■ **Activity**: Only an exact repeat of the listing, without its images, counts as the answer.

■ **Given data**:
◆ ◆ ◆ ◆ ◆

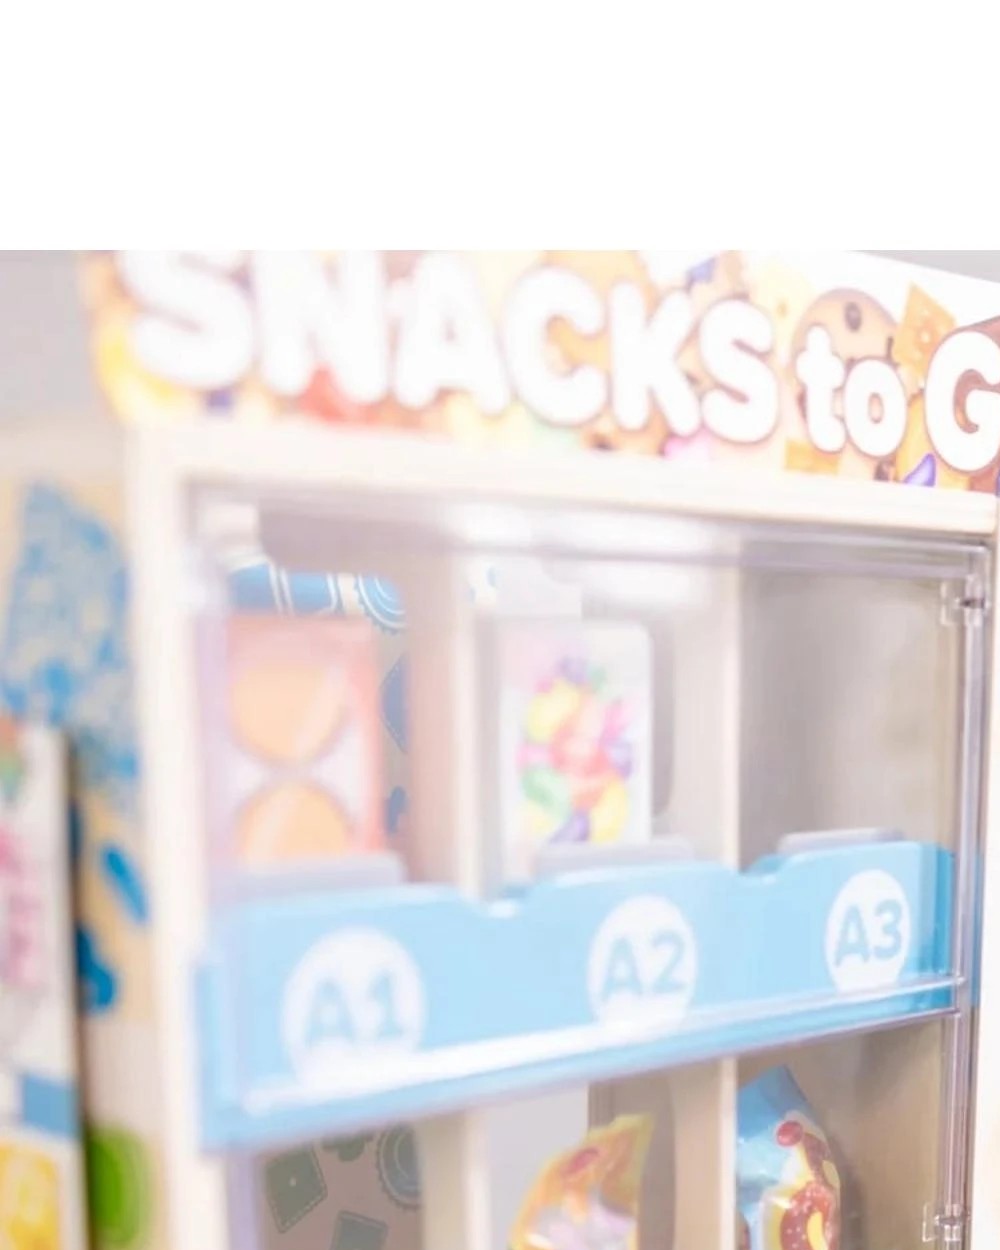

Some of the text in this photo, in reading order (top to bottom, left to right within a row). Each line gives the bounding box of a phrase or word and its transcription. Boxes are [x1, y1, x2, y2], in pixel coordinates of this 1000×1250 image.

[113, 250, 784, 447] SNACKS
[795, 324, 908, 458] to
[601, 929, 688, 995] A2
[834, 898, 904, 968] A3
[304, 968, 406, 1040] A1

◆ ◆ ◆ ◆ ◆

■ **Answer to the exercise**:
Some of the text in this photo, in reading order (top to bottom, left to right within a row). Each line gives the bounding box of a phrase or word and its transcription. Boxes are [x1, y1, x2, y2], in pixel coordinates of this 1000×1250 image.

[113, 250, 784, 447] SNACKS
[795, 324, 908, 458] to
[601, 929, 688, 995] A2
[834, 898, 904, 968] A3
[304, 968, 406, 1040] A1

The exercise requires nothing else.